Lo aveva messo in preventivo. Dopo l'esperienza in Australia ha preso carta e penna tirato una riga in mezzo al foglio, indicando in quale Stato lo avrebbero inserito nella lista dei ‘buoni', senza fare troppe storie per concedergli il visto di entrato, e in quale lo avrebbero ritenuto un ‘cattivo' da mettere al bando. De resto sia era già cancellato da Indians Wells.
"Mi piacerebbe andare negli Stati Uniti e giocare gli Us Open, ma per il momento non è possibile – ha aggiunto con la consapevolezza di chi sa che non ci saranno eccezioni, nemmeno per uno sportivo della sua stazza -. Questa cosa mi dà grandi motivazioni per fare bene qui a Wimbledon".
Djokovic già cosa lo aspetta. Lo ha vissuto sulla propria pelle fino a sentirsi prigioniero della burocrazia, parcheggiato in un centro di prima accoglienza dopo aver essere stato trattenuto per 8 ore in aereo perché non poteva mettere piede sul suolo australiano, indesiderato, additato a fuorilegge fino a sentirsi umiliato e al disonore del decreto di espulsione dopo aver perso il ricorso.

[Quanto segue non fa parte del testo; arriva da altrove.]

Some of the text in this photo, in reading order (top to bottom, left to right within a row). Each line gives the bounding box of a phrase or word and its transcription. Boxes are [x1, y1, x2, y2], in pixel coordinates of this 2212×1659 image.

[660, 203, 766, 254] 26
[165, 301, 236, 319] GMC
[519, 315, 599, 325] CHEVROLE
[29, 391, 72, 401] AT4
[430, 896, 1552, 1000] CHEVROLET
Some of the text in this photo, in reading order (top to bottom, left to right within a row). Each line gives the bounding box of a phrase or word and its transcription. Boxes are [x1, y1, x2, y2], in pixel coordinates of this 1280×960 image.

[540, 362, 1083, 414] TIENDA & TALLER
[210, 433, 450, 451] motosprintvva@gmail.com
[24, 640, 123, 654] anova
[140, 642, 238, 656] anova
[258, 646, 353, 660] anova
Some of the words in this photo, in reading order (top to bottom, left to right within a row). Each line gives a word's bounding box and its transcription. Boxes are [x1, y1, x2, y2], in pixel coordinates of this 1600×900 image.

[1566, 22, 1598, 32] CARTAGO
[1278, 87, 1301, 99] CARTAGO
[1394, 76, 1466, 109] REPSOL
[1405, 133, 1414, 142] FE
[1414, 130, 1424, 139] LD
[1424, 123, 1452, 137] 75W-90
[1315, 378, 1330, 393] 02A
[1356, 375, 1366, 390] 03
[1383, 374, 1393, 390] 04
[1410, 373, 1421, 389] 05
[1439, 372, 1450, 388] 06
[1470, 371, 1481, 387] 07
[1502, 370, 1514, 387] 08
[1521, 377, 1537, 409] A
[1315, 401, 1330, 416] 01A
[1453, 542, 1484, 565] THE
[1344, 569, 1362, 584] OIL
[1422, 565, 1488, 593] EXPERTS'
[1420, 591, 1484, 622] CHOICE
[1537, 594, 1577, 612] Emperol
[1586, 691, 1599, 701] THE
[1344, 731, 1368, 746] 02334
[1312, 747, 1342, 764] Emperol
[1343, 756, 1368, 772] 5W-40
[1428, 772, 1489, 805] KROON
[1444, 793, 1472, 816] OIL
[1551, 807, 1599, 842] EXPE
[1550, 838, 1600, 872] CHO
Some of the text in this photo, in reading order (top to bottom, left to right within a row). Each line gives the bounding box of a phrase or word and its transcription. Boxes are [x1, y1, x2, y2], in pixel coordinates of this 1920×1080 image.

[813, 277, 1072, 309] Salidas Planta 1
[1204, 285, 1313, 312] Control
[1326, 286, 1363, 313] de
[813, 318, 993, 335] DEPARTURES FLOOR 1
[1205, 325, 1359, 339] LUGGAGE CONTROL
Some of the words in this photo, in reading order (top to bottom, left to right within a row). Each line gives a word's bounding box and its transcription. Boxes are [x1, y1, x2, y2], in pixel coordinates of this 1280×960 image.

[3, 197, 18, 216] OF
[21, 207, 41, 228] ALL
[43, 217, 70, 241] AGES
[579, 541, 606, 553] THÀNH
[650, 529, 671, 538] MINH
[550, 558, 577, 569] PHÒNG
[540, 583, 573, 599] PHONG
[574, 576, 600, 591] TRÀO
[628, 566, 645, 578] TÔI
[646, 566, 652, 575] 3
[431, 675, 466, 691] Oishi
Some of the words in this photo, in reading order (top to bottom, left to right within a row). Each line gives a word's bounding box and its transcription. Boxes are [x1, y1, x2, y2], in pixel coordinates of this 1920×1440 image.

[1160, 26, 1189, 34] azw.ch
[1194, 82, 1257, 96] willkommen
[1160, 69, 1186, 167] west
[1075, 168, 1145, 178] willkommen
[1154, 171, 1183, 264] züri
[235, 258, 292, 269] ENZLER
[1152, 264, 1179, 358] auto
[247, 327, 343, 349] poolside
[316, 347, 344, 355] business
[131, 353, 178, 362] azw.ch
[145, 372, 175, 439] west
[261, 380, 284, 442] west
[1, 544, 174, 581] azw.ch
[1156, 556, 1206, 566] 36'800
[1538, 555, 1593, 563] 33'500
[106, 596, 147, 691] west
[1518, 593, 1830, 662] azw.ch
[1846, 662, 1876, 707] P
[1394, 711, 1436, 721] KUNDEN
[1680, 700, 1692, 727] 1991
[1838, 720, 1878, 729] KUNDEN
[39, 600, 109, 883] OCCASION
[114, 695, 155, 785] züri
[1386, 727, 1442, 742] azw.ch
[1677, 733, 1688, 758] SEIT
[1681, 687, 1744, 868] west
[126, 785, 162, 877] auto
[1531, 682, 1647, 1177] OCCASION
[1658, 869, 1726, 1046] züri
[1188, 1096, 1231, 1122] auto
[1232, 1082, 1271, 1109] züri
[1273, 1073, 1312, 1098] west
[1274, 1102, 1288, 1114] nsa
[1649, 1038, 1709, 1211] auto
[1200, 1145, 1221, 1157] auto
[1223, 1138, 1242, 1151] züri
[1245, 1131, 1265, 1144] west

"Voglio essere l'unico proprietario del mio corpo", ha sempre ripetuto durante e dopo la disavventura nella Terra dei canguri. Sono stati giorni di passione e di sofferenza nel periodo più caldo della campagna vaccinale per arginare lo tsunami di contagi che ha sconvolto il mondo. Non li dimenticherà mai.
"Non c'è molto che io possa fare – ha aggiunto -, quindi almeno per come stanno le cose adesso non posso fare altro che rinunciare. Che io ci sia o meno dipende tutto dal governo americano e non da me".